We can ask, for example, whether it will ever be possible to do something like unscramble an egg, or in general in some sense to reverse time. The second law of thermodynamics has always suggested the impossibility of such things.

In the past, it was not entirely clear just what the fundamental basis for the second law might be. But knowing about computational irreducibility, we can finally see a solid basis for it [1, sect. 9.3]. The basic idea is just that in many systems the process of evolution through time in effect so “encrypts” the information associated with the initial conditions for the system that no feasible measurement or other process can recognize what they were. So in effect, it would take a Maxwell’s demon of immense computational power to unscramble the evolution.

In practice, however, as the systems we use for technology get smaller, and our practical powers of computation get larger, it is increasingly possible to do such unscrambling. And indeed that is the basis for a variety of important control systems and signal processing technologies that have emerged in recent years.

The question of just what kinds of effective reversals of time can be achieved by what level of technology depends somewhat on theoretical questions about computation. For example, if it is true that P != NP, then certain questions about possible reversals will necessarily require immense computational resources.

There are many questions about what is possible that revolve around prediction.

Traditional models in physics tend to deny the possibility of prediction for two basic reasons. The first is that the models are usually assumed to be somehow incomplete, so that the systems they describe are subject to unknown—and unpredictable—effects from the outside. The second reason is quantum mechanics—which in its traditional formulation is fundamentally probabilistic.

Quite what happens even in a traditional quantum formulation when one tries to describe a whole sequence from the construction of an experiment to the measurement of its results has never been completely clear. And for example it is still not clear whether it is possible to generate a perfectly random sequence—or whether in effect the operation of the preparation and measurement apparatus will always prevent this [1, p. 1062]. But even if—as in candidate models of fundamental physics that I have investigated—there is no ultimate randomness in quantum mechanics, there is still another crucial barrier to prediction: computational irreducibility.

One might have thought that in time there would be some kind of acceleration in intelligence that would allow our successors to predict anything they want about the physical universe.

But computational irreducibility implies that there will always be limitations. There will be an infinite number of pockets of reducibility where progress can be made. But ultimately the actual evolution of the universe in a sense achieves something irreducible—which can only be observed, not predicted.

What if perhaps there could be some collection of extraterrestrial intelligences around the universe who combine to try to compute the future of the universe?

We are proud of the computational achievements of our intelligence and our civilization. But what the Principle of Computational Equivalence implies is that many processes in nature are ultimately equivalent in their computational sophistication. So in a sense the universe is already as intelligent as we are, and whatever we develop in our technology cannot overcome that [1, sects. 9.10 and 9.12]. It is only that with our technology we guide the universe in ways that we can think of as achieving our particular purposes.

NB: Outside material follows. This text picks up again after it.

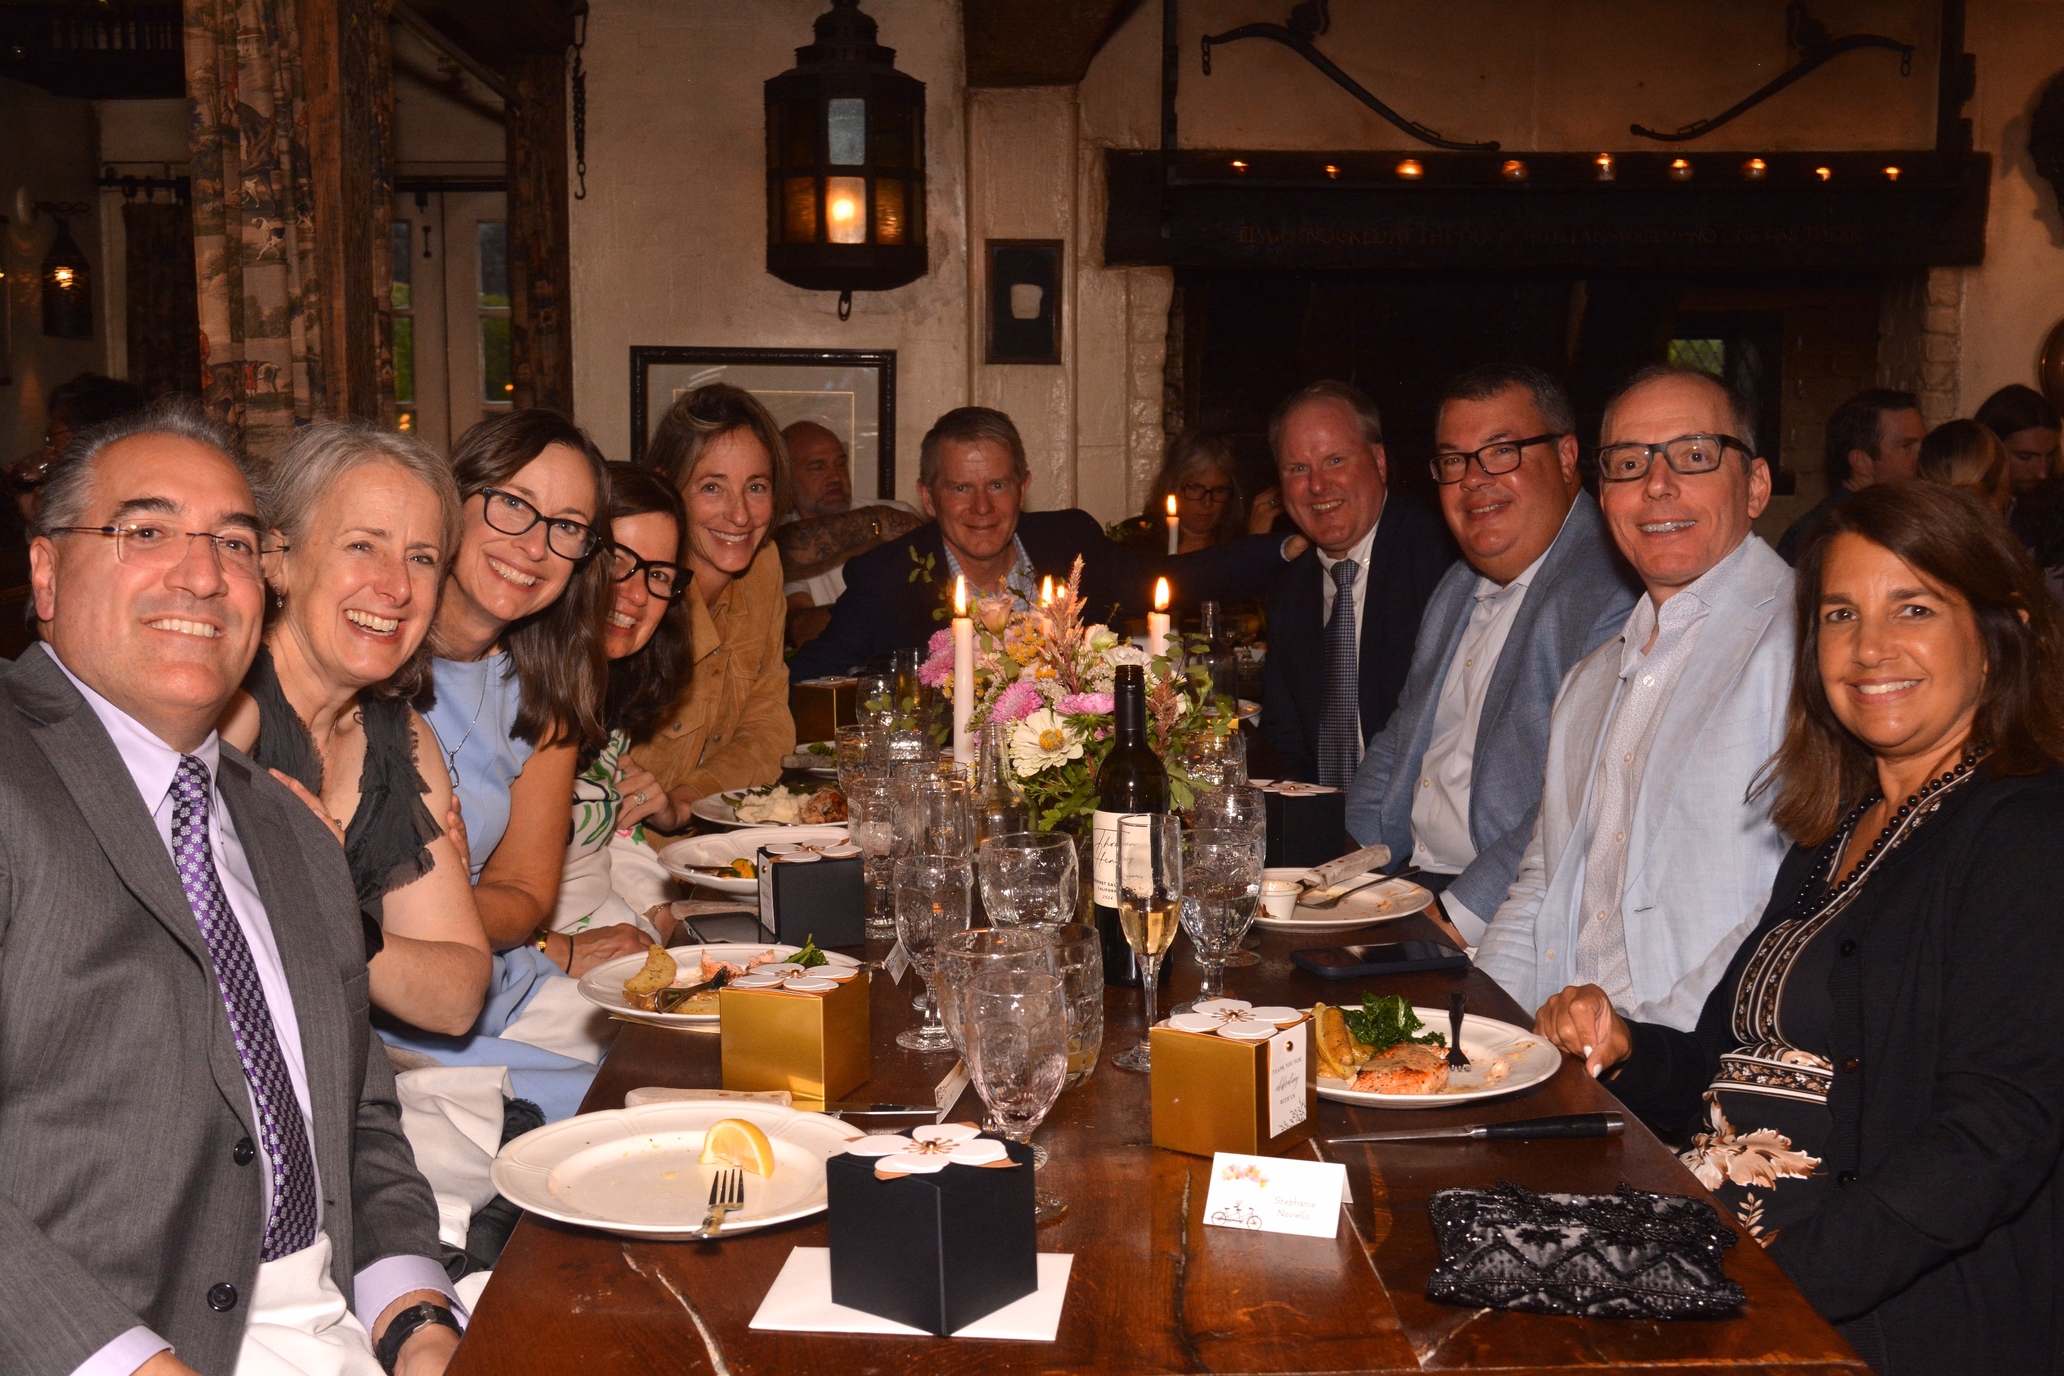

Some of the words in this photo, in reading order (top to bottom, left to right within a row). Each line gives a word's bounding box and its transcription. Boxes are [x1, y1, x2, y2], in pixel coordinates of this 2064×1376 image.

However, if it turns out—as I suspect—that the whole history of the universe is determined by a particular, perhaps simple, underlying rule, then we are in a sense in an even more extreme situation.

For there is in a sense just one possible history for the universe. So at some level this defines all that is possible. But the point is that to answer specific questions about parts of this history requires irreducible computational work—so that in a sense there can still be essentially infinite amounts of surprise about what is possible, and we can still perceive that we act with free will [1, sect. 12.7].

So what will the limit of technology in the future be like?

Today almost all the technology we have has been created through traditional methods of engineering: by building up what is needed one step at a time, always keeping everything simple enough that we can foresee what the results will be.

But what if we just searched the computational universe for our technology? One of the discoveries from exploring the computational universe is that even very simple programs can exhibit rich and complex behavior. But can we use this for technology?

The answer, it seems, is often yes. The methodology for doing this is not yet well known. But in recent years my own technology development projects [9, 14, 15] have certainly made increasingly central use of this approach.

One defines some particular objective—say generating a hash code, evaluating a mathematical function, creating a musical piece or recognizing a class of linguistic forms. Then one searches the computational universe for a program that achieves the objective. It might be that the simplest program that would be needed would be highly complex—and out of reach of enumerative search methods. But the Principle of Computational Equivalence suggests that this will tend not to be the case—and in practice it seems that it is not.

And indeed one often finds surprisingly simple programs that achieve all sorts of complex purposes.

Unlike things created by traditional engineering, however, there is no constraint that these programs operate in ways that we as humans can readily understand. And indeed it is common to find that they do not. Instead, in a sense, they tend to operate much more like many systems in nature—that we can describe as achieving a certain overall purpose, but can’t readily understand how they do it.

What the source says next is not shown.